Material shown:
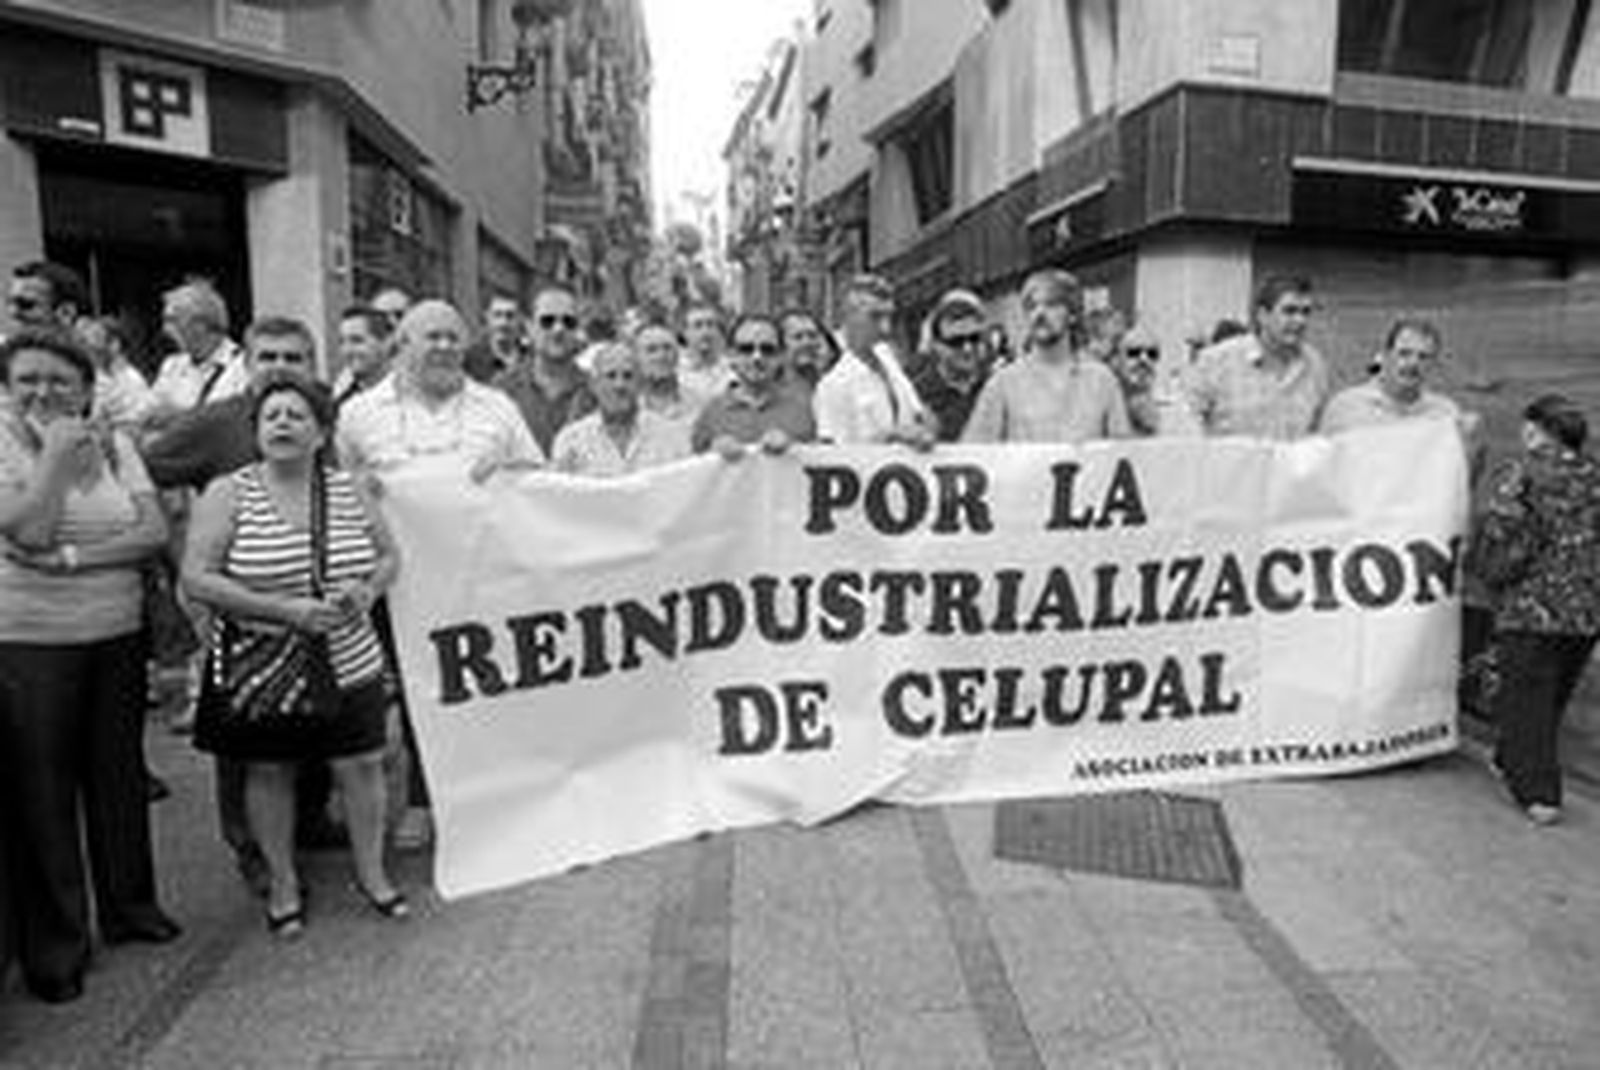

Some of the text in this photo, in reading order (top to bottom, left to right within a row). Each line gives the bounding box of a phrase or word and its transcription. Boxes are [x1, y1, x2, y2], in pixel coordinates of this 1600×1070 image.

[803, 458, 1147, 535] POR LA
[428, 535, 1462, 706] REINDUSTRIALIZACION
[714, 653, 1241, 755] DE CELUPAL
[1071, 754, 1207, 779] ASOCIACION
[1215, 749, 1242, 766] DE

Activity:
What is wanted is a verbatim transcription of every record above, pictures excluded.

Answer to this problem:
Some of the text in this photo, in reading order (top to bottom, left to right within a row). Each line gives the bounding box of a phrase or word and its transcription. Boxes are [x1, y1, x2, y2], in pixel coordinates of this 1600×1070 image.

[803, 458, 1147, 535] POR LA
[428, 535, 1462, 706] REINDUSTRIALIZACION
[714, 653, 1241, 755] DE CELUPAL
[1071, 754, 1207, 779] ASOCIACION
[1215, 749, 1242, 766] DE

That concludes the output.